§ PROBLEM DESCRIPTION
Reprint all of the data below exactly as shown and skip every image.

§ DATA EXCERPTS
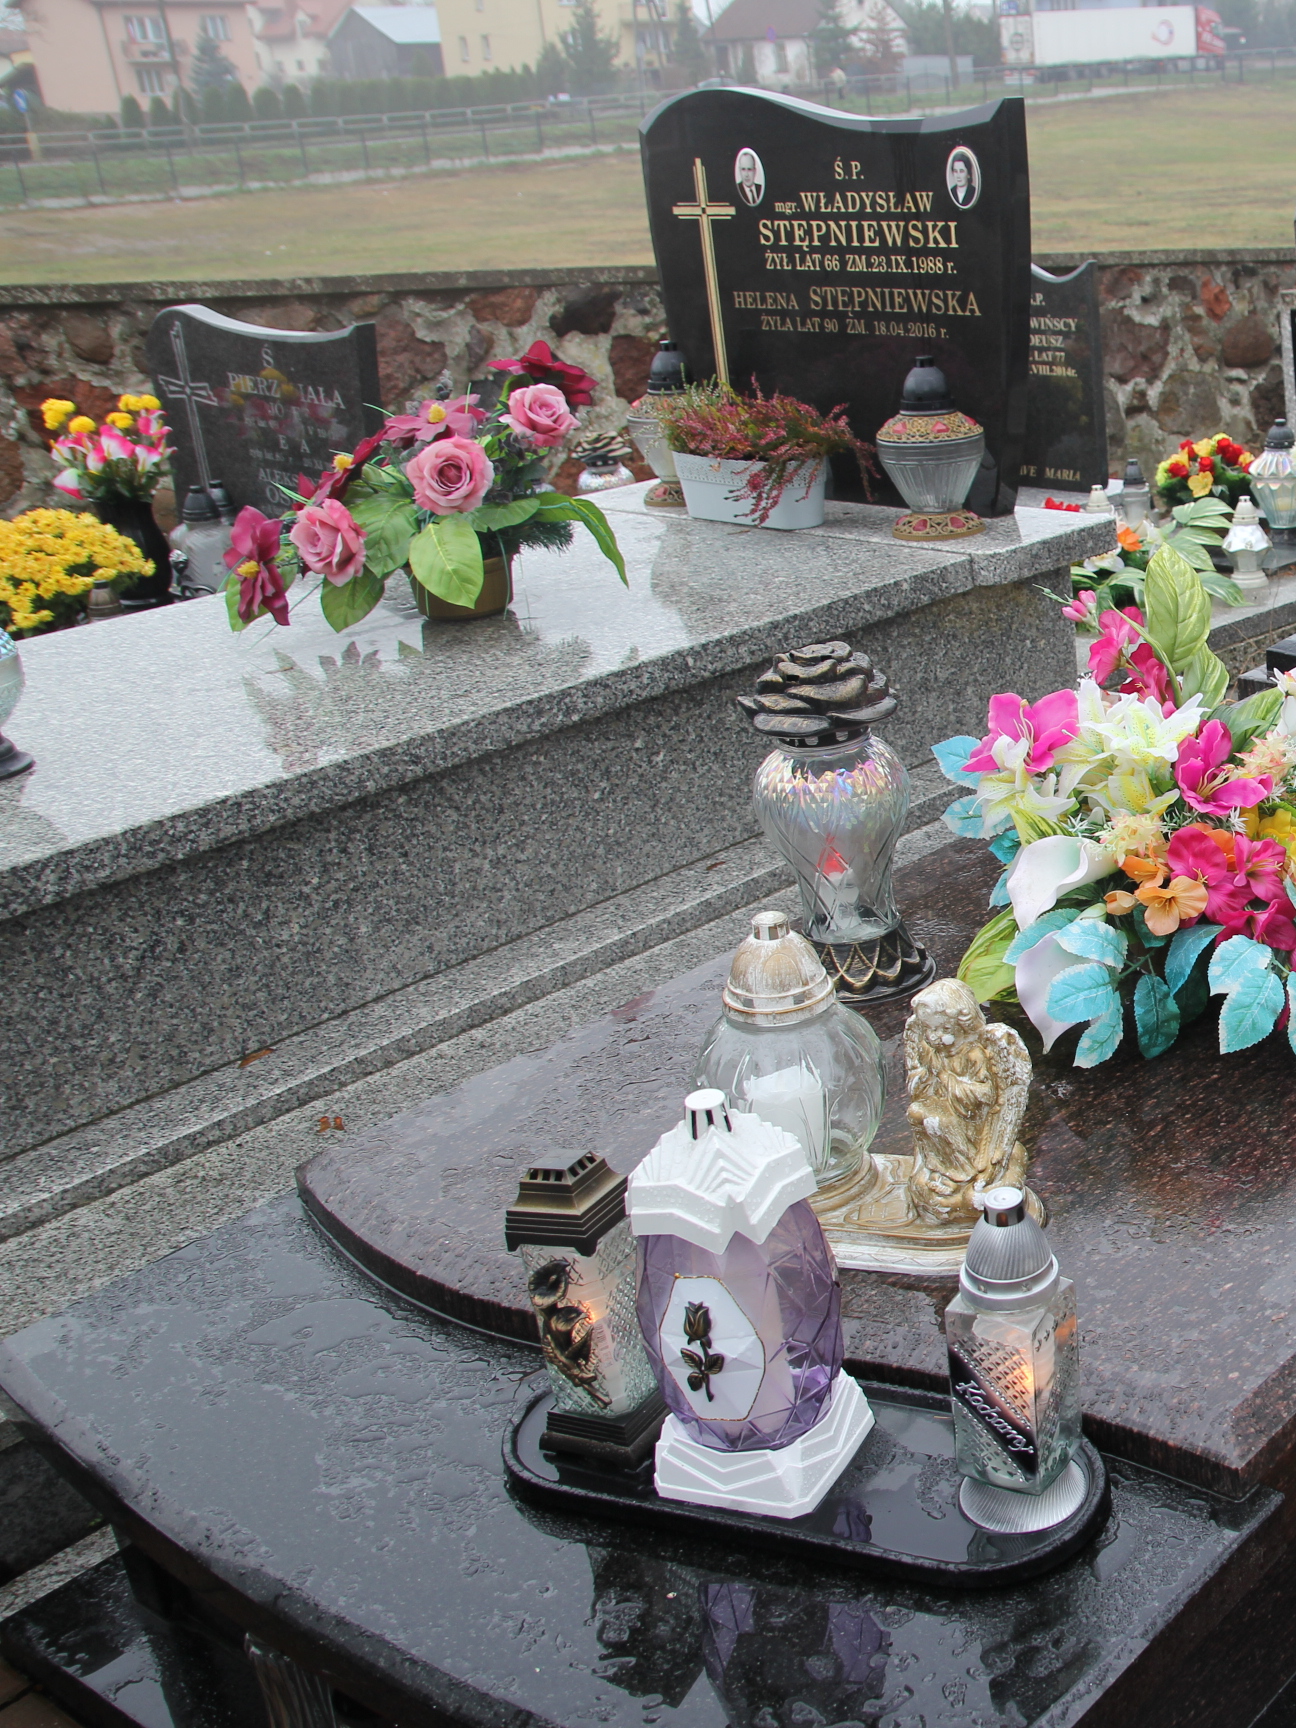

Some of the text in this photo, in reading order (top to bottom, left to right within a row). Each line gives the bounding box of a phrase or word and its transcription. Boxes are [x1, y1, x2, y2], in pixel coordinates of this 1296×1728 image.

[800, 191, 934, 213] WŁADYSŁAW
[758, 219, 959, 251] STĘPNIEWSKI
[765, 250, 792, 270] ŻYŁ
[795, 253, 822, 271] LAT
[824, 254, 840, 271] 66
[946, 261, 957, 274] r.
[733, 286, 982, 316] HELENA STĘPNIEWSKA
[761, 313, 949, 338] ŻYŁA LAT 90 ZM. 18.04.2016 r.
[1034, 350, 1066, 362] LAT 77

§ SOLUTION
Some of the text in this photo, in reading order (top to bottom, left to right within a row). Each line gives the bounding box of a phrase or word and its transcription. Boxes are [x1, y1, x2, y2], in pixel coordinates of this 1296×1728 image.

[800, 191, 934, 213] WŁADYSŁAW
[758, 219, 959, 251] STĘPNIEWSKI
[765, 250, 792, 270] ŻYŁ
[795, 253, 822, 271] LAT
[824, 254, 840, 271] 66
[946, 261, 957, 274] r.
[733, 286, 982, 316] HELENA STĘPNIEWSKA
[761, 313, 949, 338] ŻYŁA LAT 90 ZM. 18.04.2016 r.
[1034, 350, 1066, 362] LAT 77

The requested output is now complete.